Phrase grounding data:
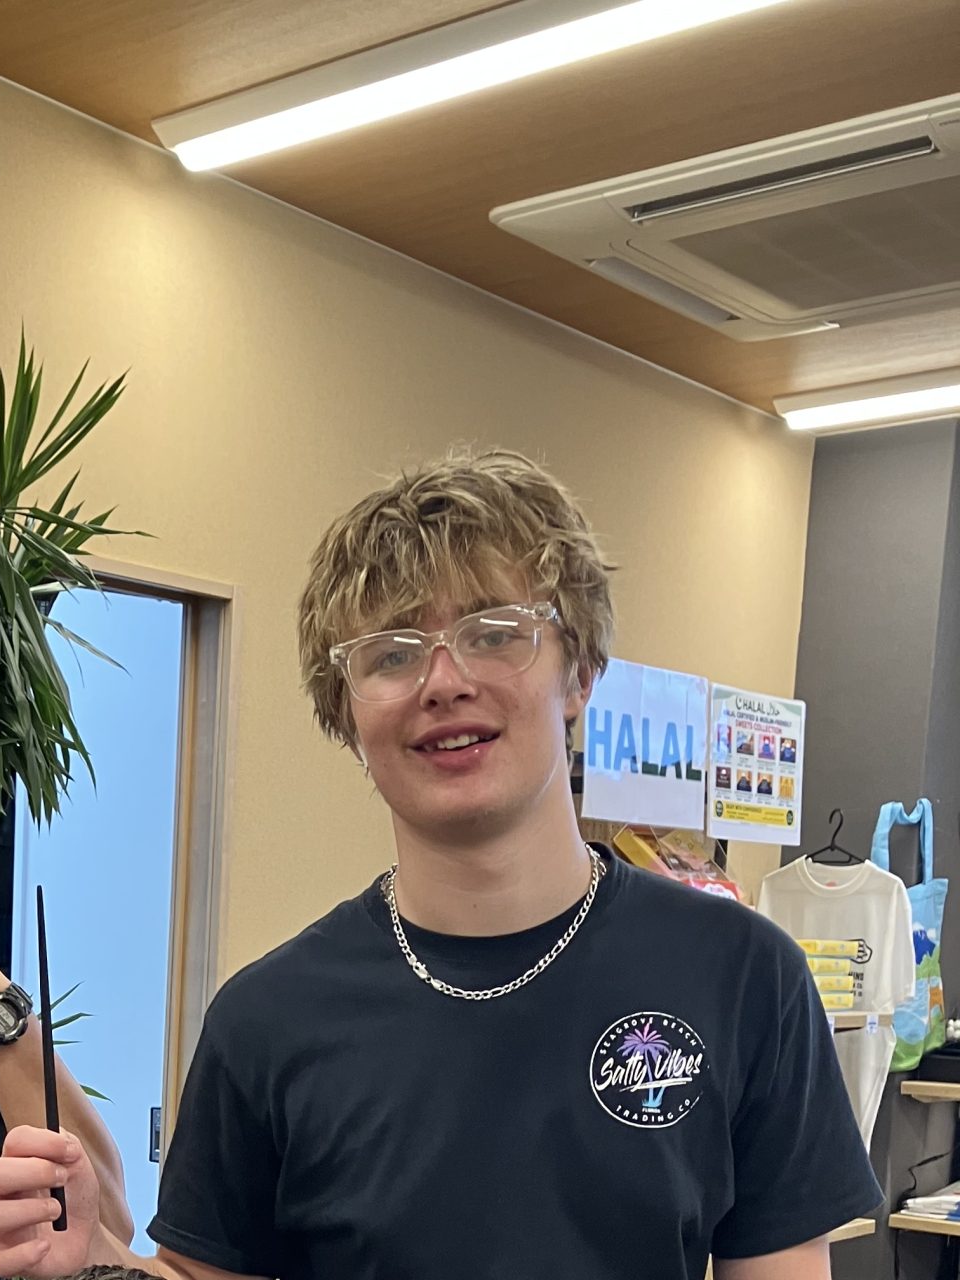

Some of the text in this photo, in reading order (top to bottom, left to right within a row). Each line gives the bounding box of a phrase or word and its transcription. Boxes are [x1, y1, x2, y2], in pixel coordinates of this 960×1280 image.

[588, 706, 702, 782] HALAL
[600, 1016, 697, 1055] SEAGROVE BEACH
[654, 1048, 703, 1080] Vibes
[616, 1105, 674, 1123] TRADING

**BRIEF:**
Copy the records exactly as they appear, leaving every picture out.

**SOLUTION TO THIS EXERCISE:**
Some of the text in this photo, in reading order (top to bottom, left to right within a row). Each line gives the bounding box of a phrase or word and its transcription. Boxes are [x1, y1, x2, y2], in pixel coordinates of this 960×1280 image.

[588, 706, 702, 782] HALAL
[600, 1016, 697, 1055] SEAGROVE BEACH
[654, 1048, 703, 1080] Vibes
[616, 1105, 674, 1123] TRADING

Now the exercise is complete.